### [Exercise data]
===============
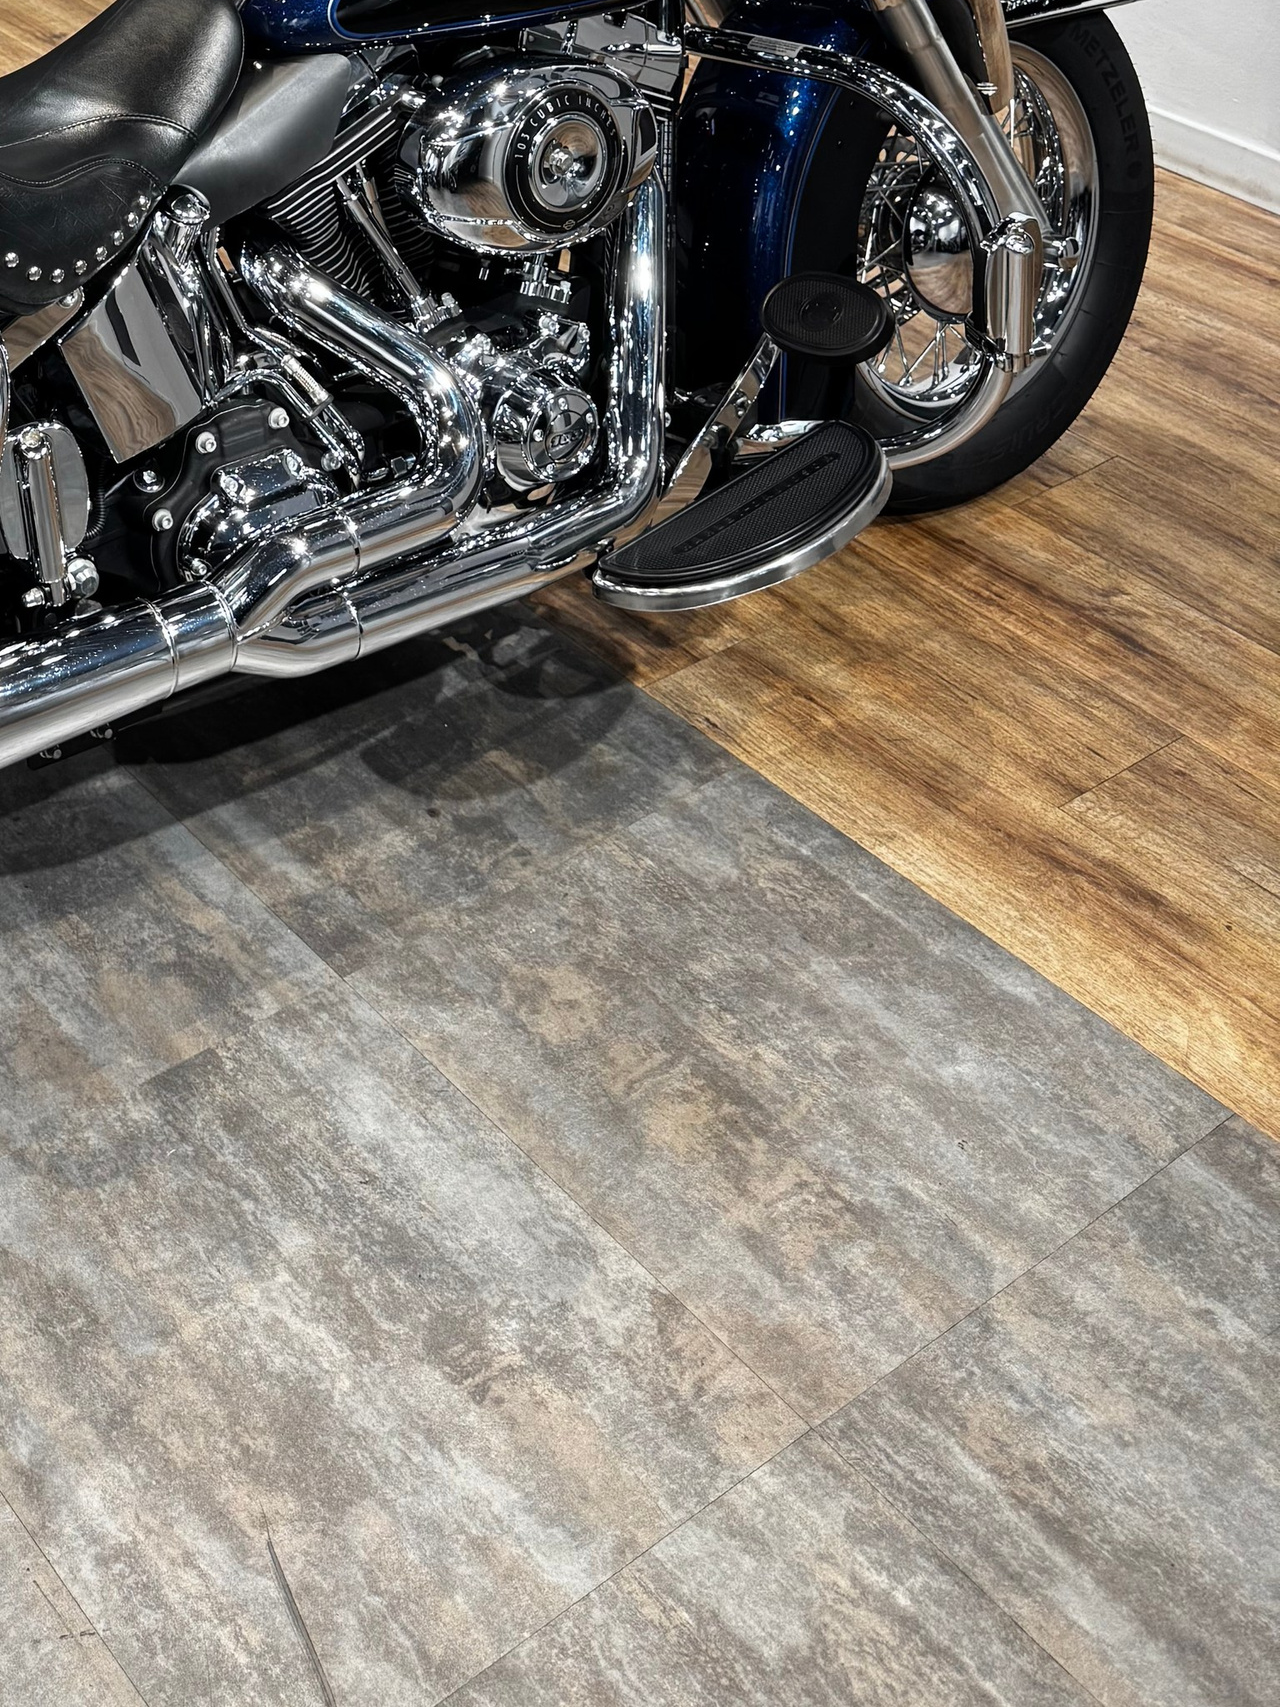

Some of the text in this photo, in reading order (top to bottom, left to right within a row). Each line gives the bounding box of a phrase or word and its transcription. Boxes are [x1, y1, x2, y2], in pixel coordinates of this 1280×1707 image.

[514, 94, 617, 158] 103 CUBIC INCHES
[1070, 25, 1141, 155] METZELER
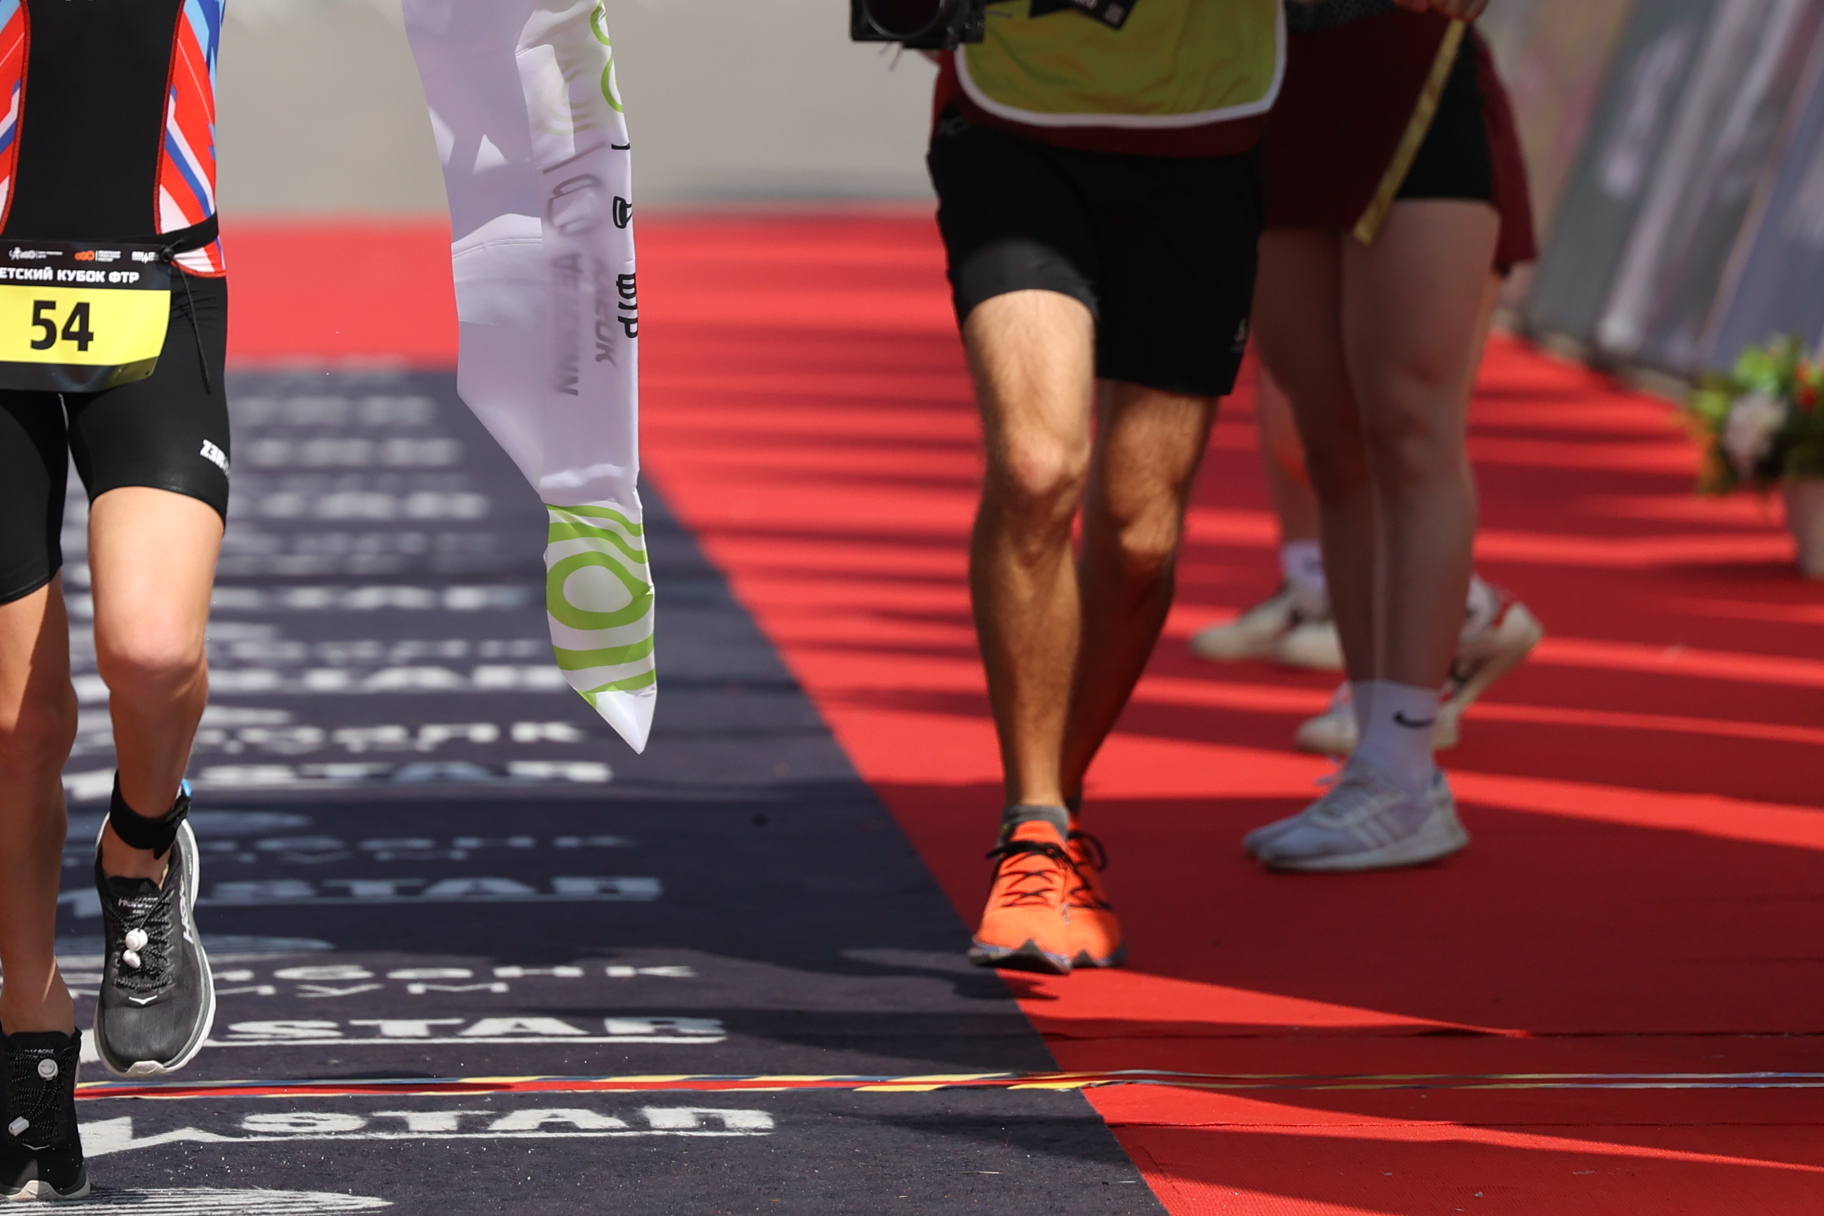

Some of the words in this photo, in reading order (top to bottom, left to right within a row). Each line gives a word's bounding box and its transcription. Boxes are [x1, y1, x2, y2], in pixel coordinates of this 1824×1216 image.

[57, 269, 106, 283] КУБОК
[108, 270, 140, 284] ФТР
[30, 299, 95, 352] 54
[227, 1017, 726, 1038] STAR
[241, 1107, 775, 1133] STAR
===============
### [What you are asked to do]
An exact copy of the listing is required, excluding any pictures.

### [Problem solution]
Some of the text in this photo, in reading order (top to bottom, left to right within a row). Each line gives the bounding box of a phrase or word and its transcription. Boxes are [x1, y1, x2, y2], in pixel coordinates of this 1280×1707 image.

[514, 94, 617, 158] 103 CUBIC INCHES
[1070, 25, 1141, 155] METZELER

Some of the words in this photo, in reading order (top to bottom, left to right within a row). Each line gives a word's bounding box and its transcription. Boxes are [x1, y1, x2, y2], in pixel coordinates of this 1824×1216 image.

[57, 269, 106, 283] КУБОК
[108, 270, 140, 284] ФТР
[30, 299, 95, 352] 54
[227, 1017, 726, 1038] STAR
[241, 1107, 775, 1133] STAR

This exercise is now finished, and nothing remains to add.